Com retorno da bandeira amarela, energia solar por assinatura ganha força como alternativa para driblar aumento na conta de luz

Com custo extra de R$ 1,885 a cada 100 kWh em maio, modelo sem instalação de placas solares atrai consumidores que buscam economia imediata, previsibilidade e acesso à energia limpa

A Agência Nacional de Energia Elétrica (Aneel) anunciou, no fim de abril, a retomada da bandeira tarifária amarela a partir de maio de 2025. Isso significa que consumidores conectados ao Sistema Interligado Nacional (SIN) passarão a pagar um acréscimo de R$ 1,885 a cada 100 quilowatt-hora (kWh) consumidos — valor que reflete a elevação no custo de geração de energia devido à redução das chuvas e ao início do período seco, que historicamente exige maior acionamento de usinas termelétricas.

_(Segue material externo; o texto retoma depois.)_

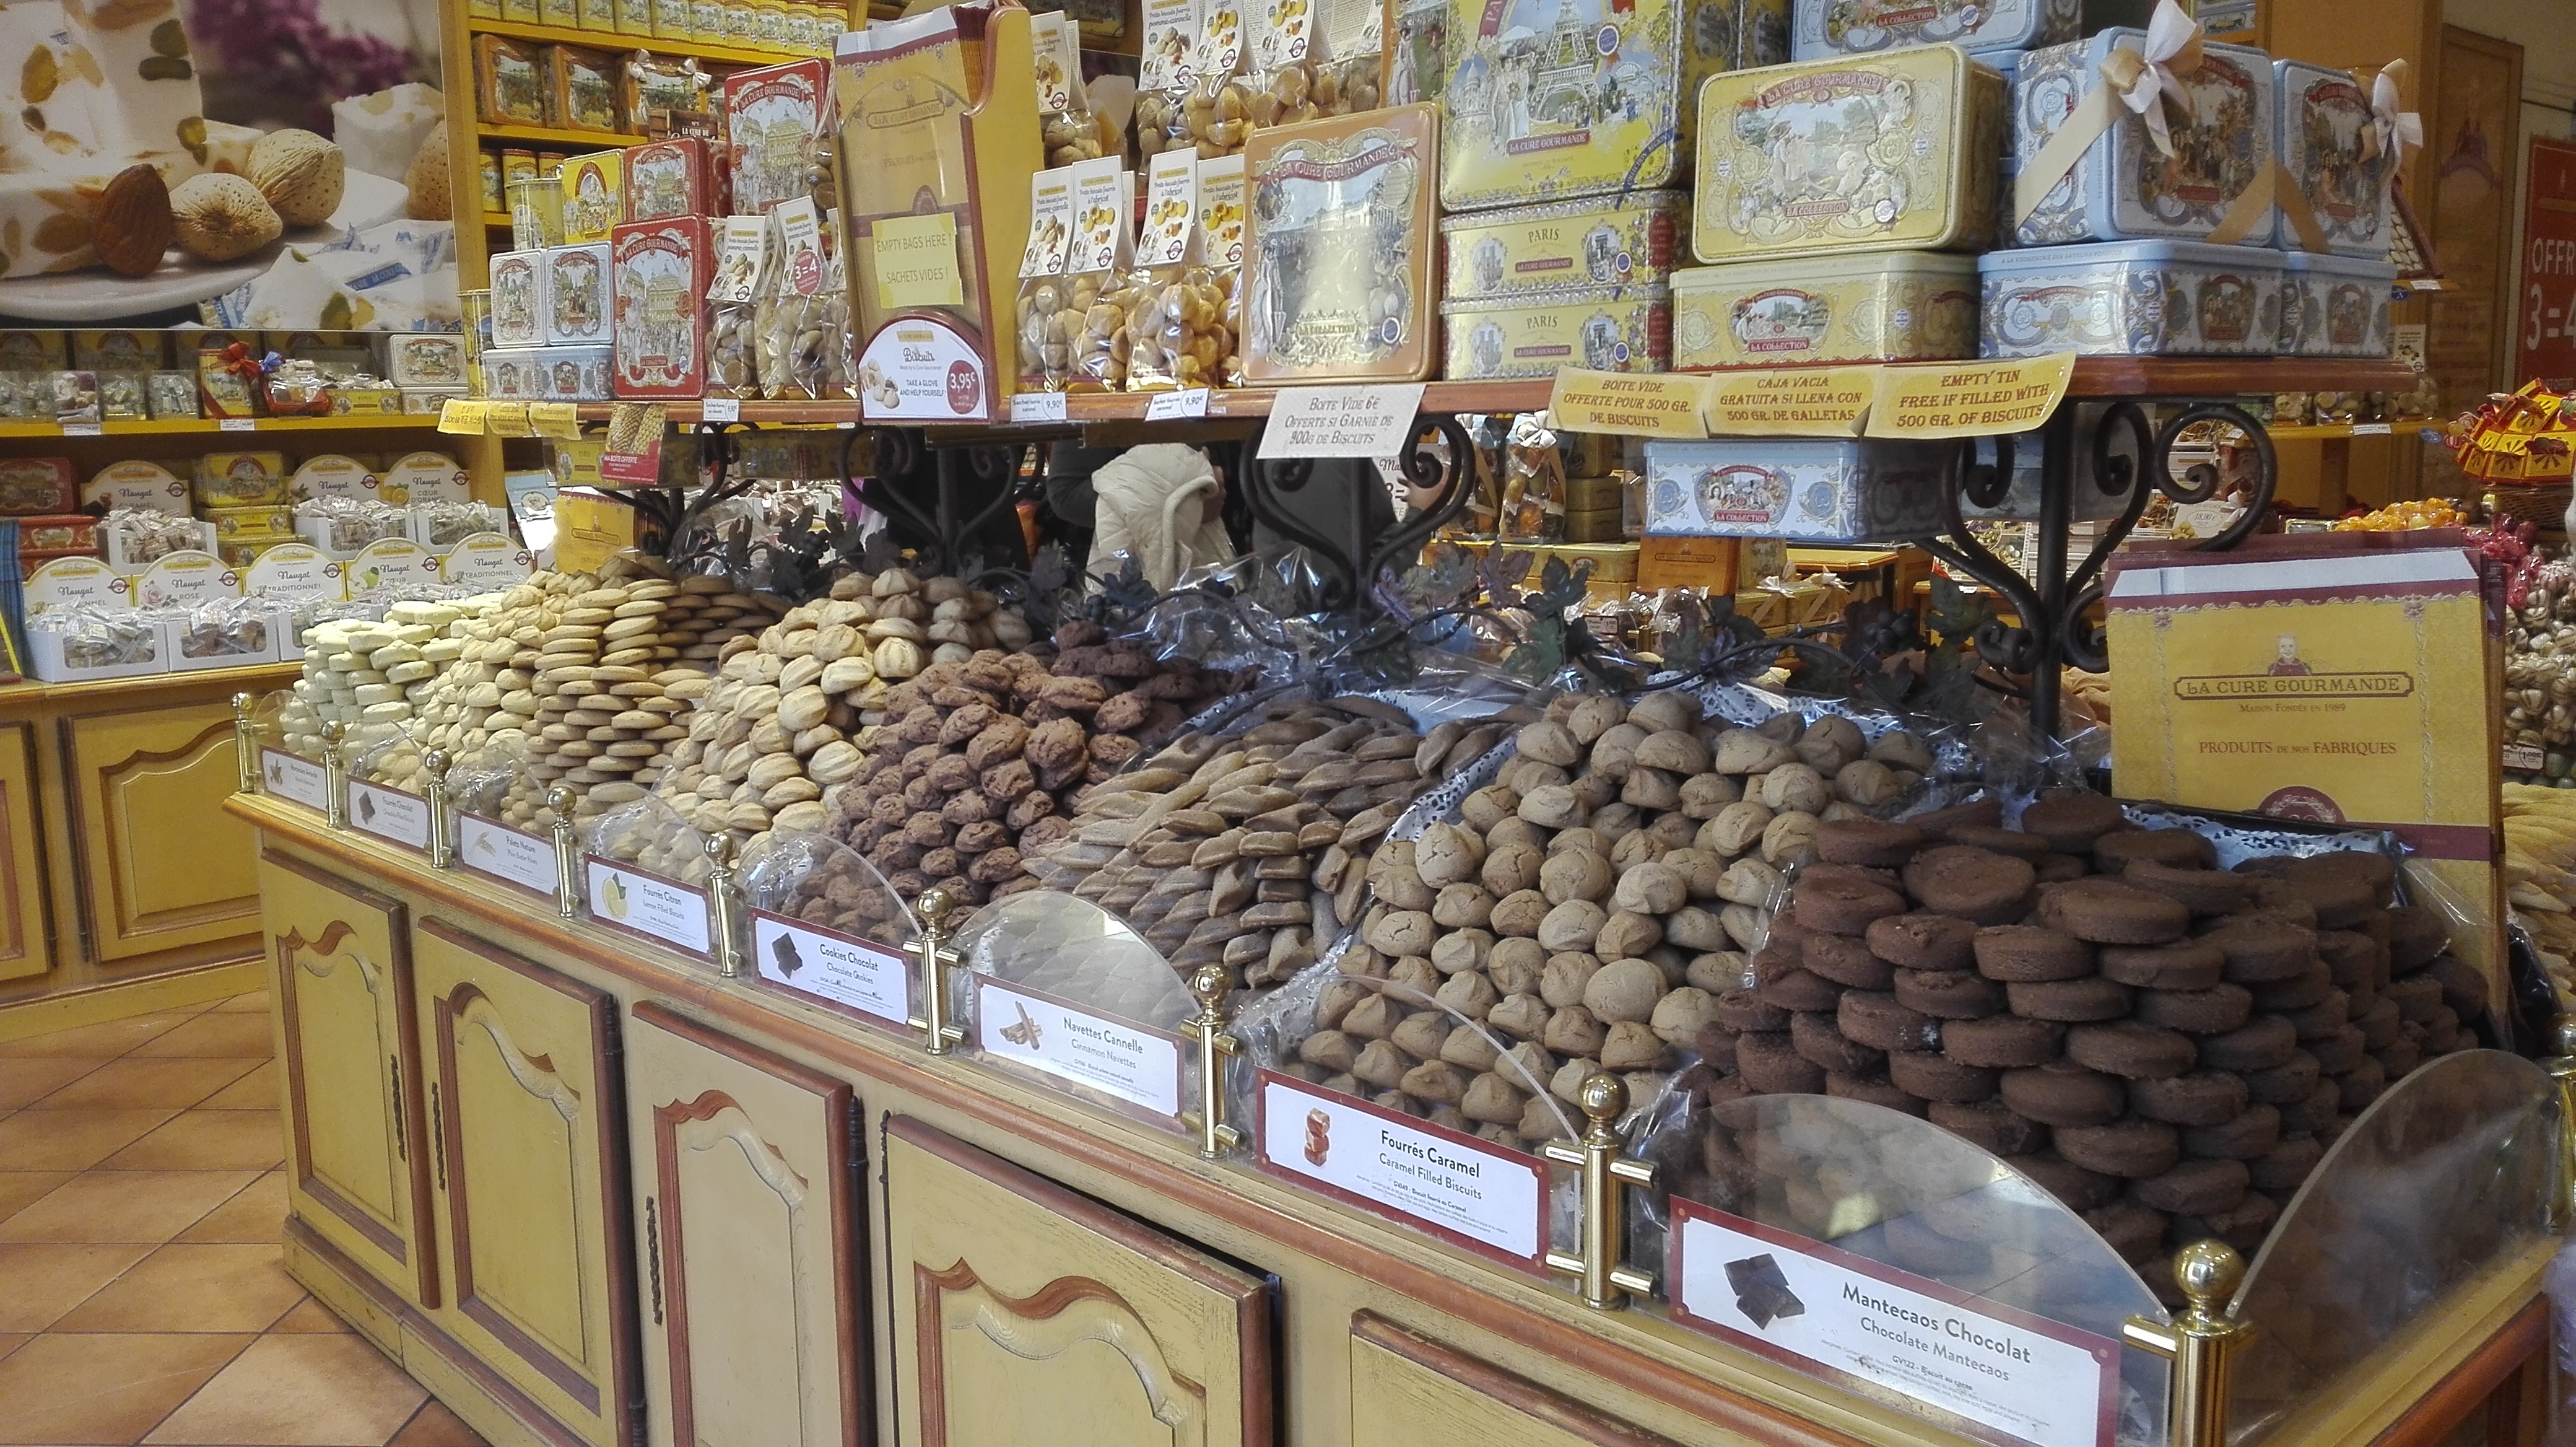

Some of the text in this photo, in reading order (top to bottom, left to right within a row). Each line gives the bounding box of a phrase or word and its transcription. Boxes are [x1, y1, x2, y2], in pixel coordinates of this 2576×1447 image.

[1889, 11, 1934, 24] COLLECTION
[749, 85, 799, 103] CURE GOURMANDE
[1766, 73, 1881, 102] LA CURE GOURMANDE
[874, 116, 889, 125] LA
[1510, 133, 1586, 153] LA CURE GOURMANDE
[1281, 147, 1389, 180] LA CURE GOURMANDE
[1786, 202, 1847, 216] LA COLLECTION
[877, 234, 947, 253] EMPTY BAGS HERE
[1528, 228, 1560, 243] PARIS
[632, 238, 678, 254] CURE GOURMANDE
[794, 258, 817, 280] 3=4
[1524, 260, 1570, 270] CURE GOURMANDE
[886, 268, 944, 284] SACHETS VIDES
[1526, 315, 1558, 330] PARIS
[1764, 341, 1808, 351] COLLECTION
[903, 347, 936, 362] Biscuits
[906, 379, 938, 387] TAKE GLOVE
[1601, 380, 1666, 393] BOITE VIDE
[1756, 377, 1829, 389] CAJA VACIA
[1941, 370, 2021, 387] EMPTY TIN
[1308, 395, 1381, 411] BOITE VIDE 6€
[1563, 393, 1691, 413] OFFERTE POUR 500 GR.
[1720, 392, 1863, 405] GRATUITA SI LLENA CON
[1899, 383, 2050, 408] FREE IF FILLED WITH
[1285, 414, 1393, 429] OFFERTE SI GARNIE DE
[1590, 411, 1660, 427] DE BISCUITS
[1727, 409, 1855, 421] 500 GR. DE GALLETAS
[1897, 404, 2044, 427] 500 GR. OF BISCUITS
[1315, 435, 1329, 445] DE
[1331, 431, 1375, 445] BISCUITS
[318, 481, 349, 490] Nougat
[412, 476, 441, 486] Nougat
[118, 487, 154, 497] Nougat
[1726, 513, 1767, 521] COLLECTION
[380, 564, 410, 574] Nougat
[474, 557, 503, 568] Nougat
[172, 579, 206, 588] Nougat
[277, 570, 311, 581] Nougat
[58, 587, 94, 597] Nougat
[2187, 678, 2400, 695] LA CURE GOURMANDE
[2240, 704, 2273, 712] MAISON
[2324, 703, 2346, 712] 1989
[2200, 741, 2397, 756] PRODUITS DE NOS FABRIQUES
[506, 836, 536, 853] Palets Nature
[643, 884, 682, 906] Fourrés Citron
[643, 899, 684, 920] Lemon Filled Biscuits
[819, 943, 879, 972] Cookies Chocolat
[827, 962, 874, 984] Chocolate Cookies
[1063, 1016, 1143, 1054] Navettes Cannelle
[1071, 1038, 1136, 1069] Cinnamon Navettes
[1381, 1129, 1480, 1178] Fourrés Caramel
[1379, 1153, 1483, 1200] Caramel Filled Biscuits
[1412, 1187, 1427, 1199] Biscuit
[1427, 1193, 1441, 1204] fourré
[1447, 1200, 1467, 1212] Caramel
[1842, 1281, 2032, 1364] Mantecaos Chocolat
[1860, 1316, 1929, 1352] Chocolate
[1932, 1341, 2010, 1383] Mantecaos
[1892, 1355, 1915, 1369] GV122
[1921, 1366, 1943, 1380] Biscuit

A medida encerra um ciclo de cinco meses de bandeira verde, quando as condições hidrológicas favoráveis permitiram a manutenção de tarifas mais estáveis. Agora, com a expectativa de custos mais altos e a perspectiva de novos reajustes ao longo do ano, cresce o interesse por alternativas sustentáveis e economicamente viáveis, como a energia solar por assinatura — um modelo que permite economia sem necessidade de investimento em infraestrutura própria.

Energia limpa sem instalação: economia acessível

Nesse contexto, empresas especializadas no setor fotovoltaico, como a Bow-e, têm registrado aumento na adesão ao modelo de assinatura de energia solar, que oferece redução de até 20% na conta de luz, sem necessidade de instalação de placas solares no imóvel do consumidor.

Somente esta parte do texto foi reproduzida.